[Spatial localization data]
=======
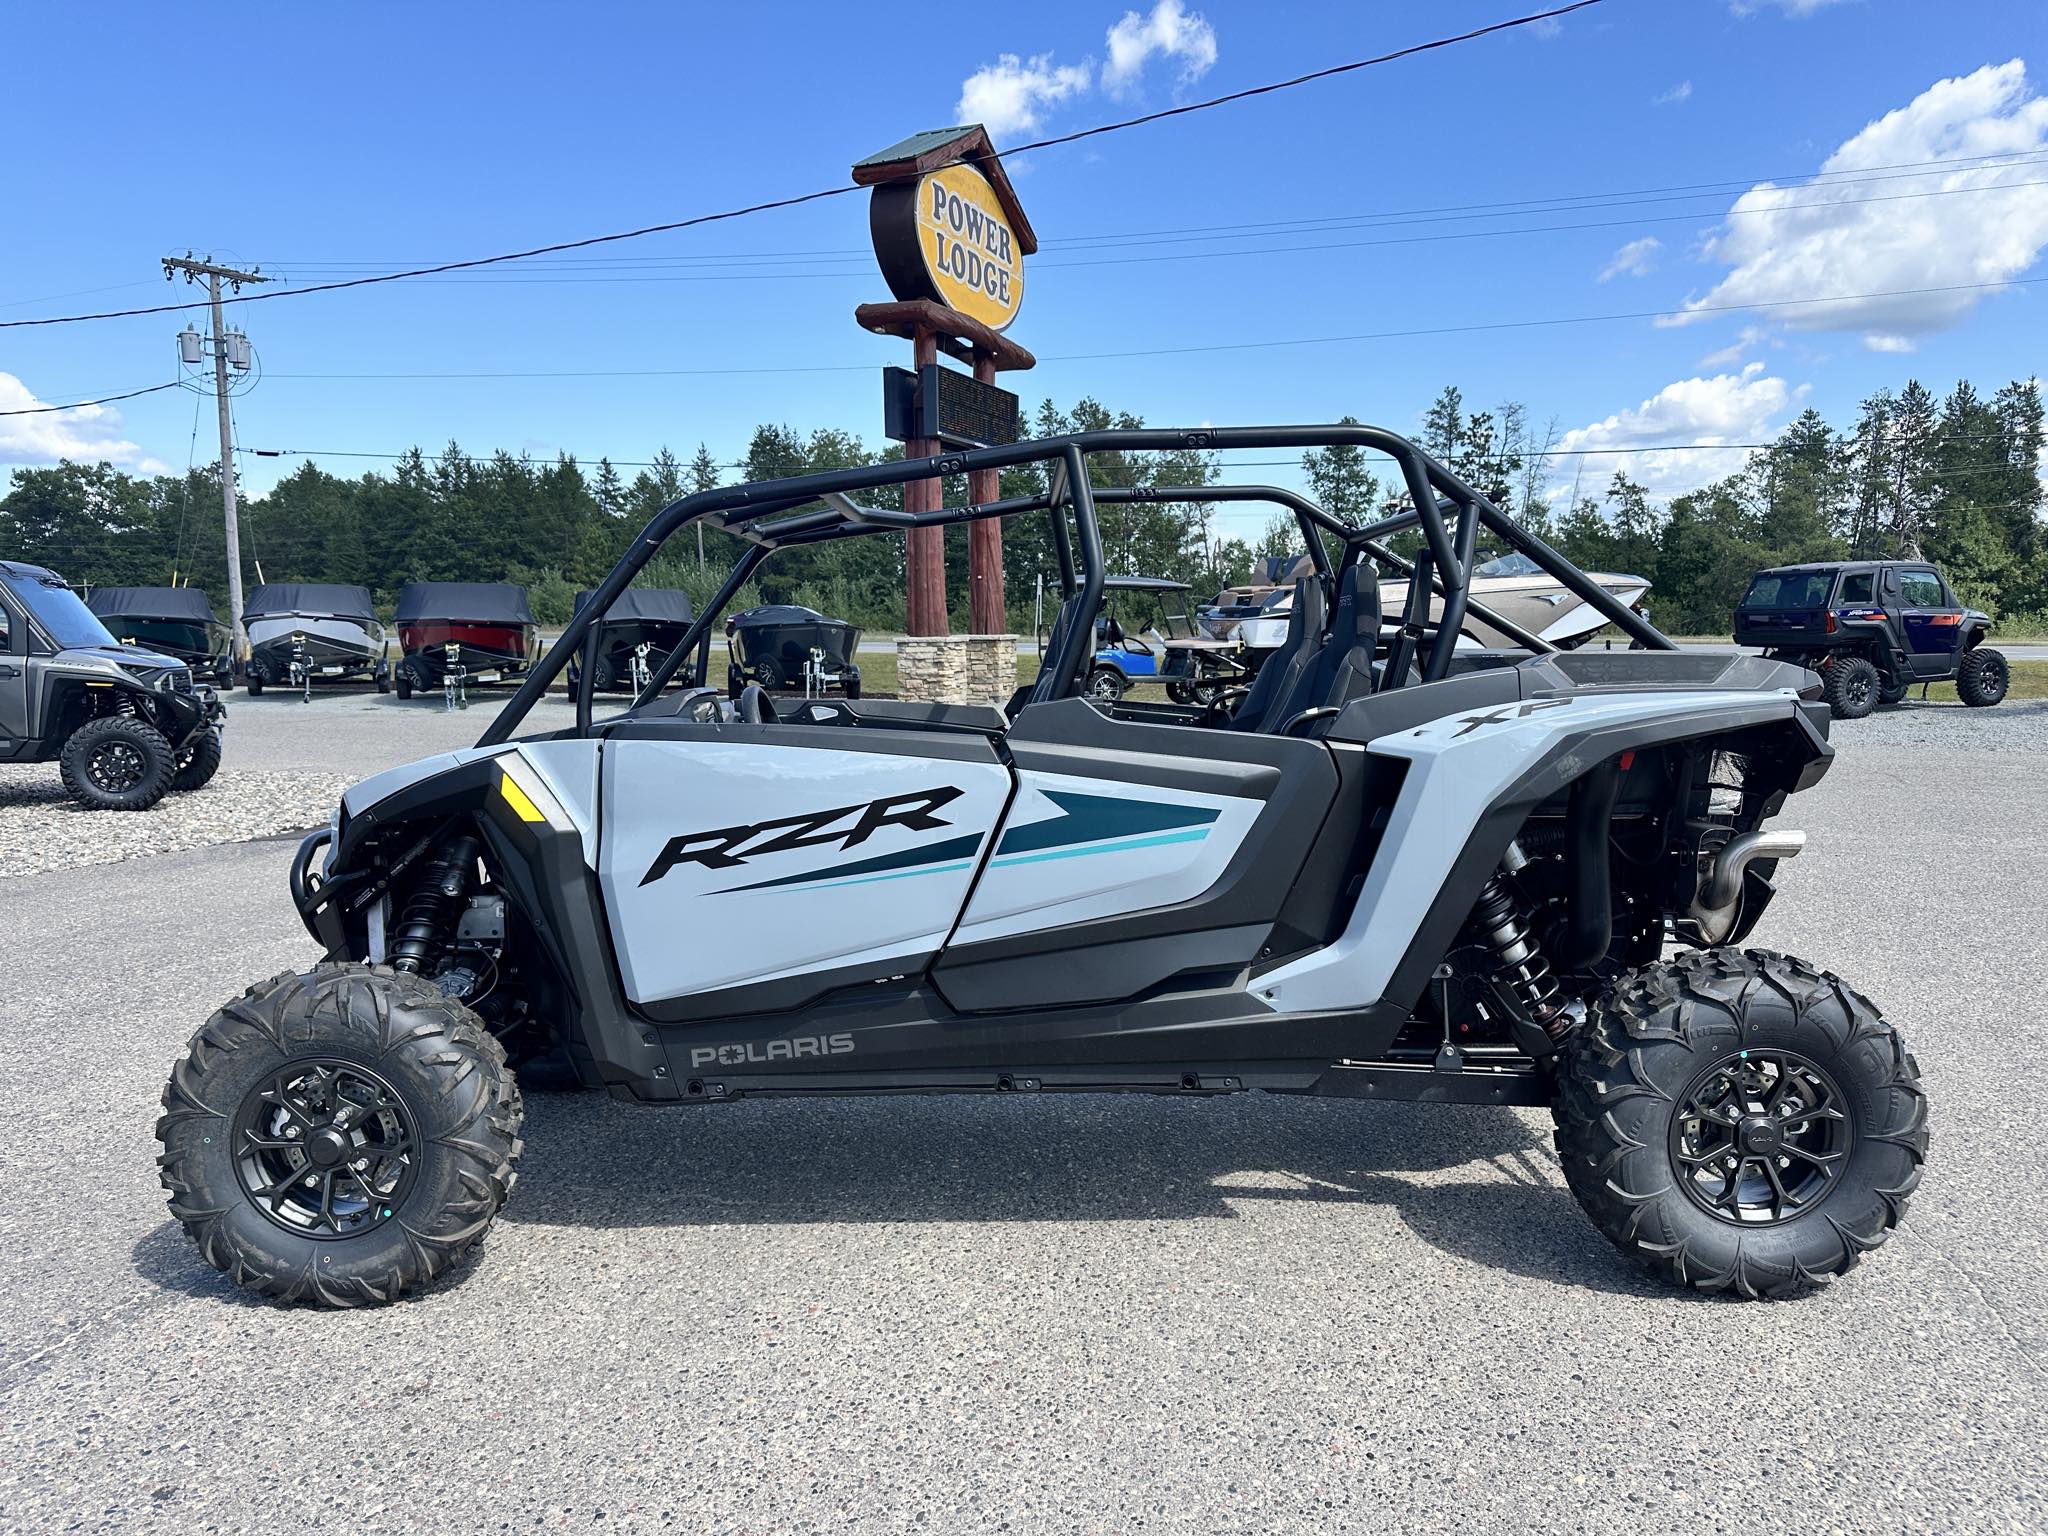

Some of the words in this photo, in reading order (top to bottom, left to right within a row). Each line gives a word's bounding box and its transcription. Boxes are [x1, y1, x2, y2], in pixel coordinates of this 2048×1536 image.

[932, 181, 1013, 265] POWER
[936, 232, 1010, 304] LODGE
[1450, 698, 1574, 739] XP
[637, 785, 966, 888] RZR
[690, 1033, 856, 1068] POLARIS
=======
* **Problem description**
Repeat each line above exactly as it reads, omitting any pictures.

* **Solution**
Some of the words in this photo, in reading order (top to bottom, left to right within a row). Each line gives a word's bounding box and its transcription. Boxes are [x1, y1, x2, y2], in pixel coordinates of this 2048×1536 image.

[932, 181, 1013, 265] POWER
[936, 232, 1010, 304] LODGE
[1450, 698, 1574, 739] XP
[637, 785, 966, 888] RZR
[690, 1033, 856, 1068] POLARIS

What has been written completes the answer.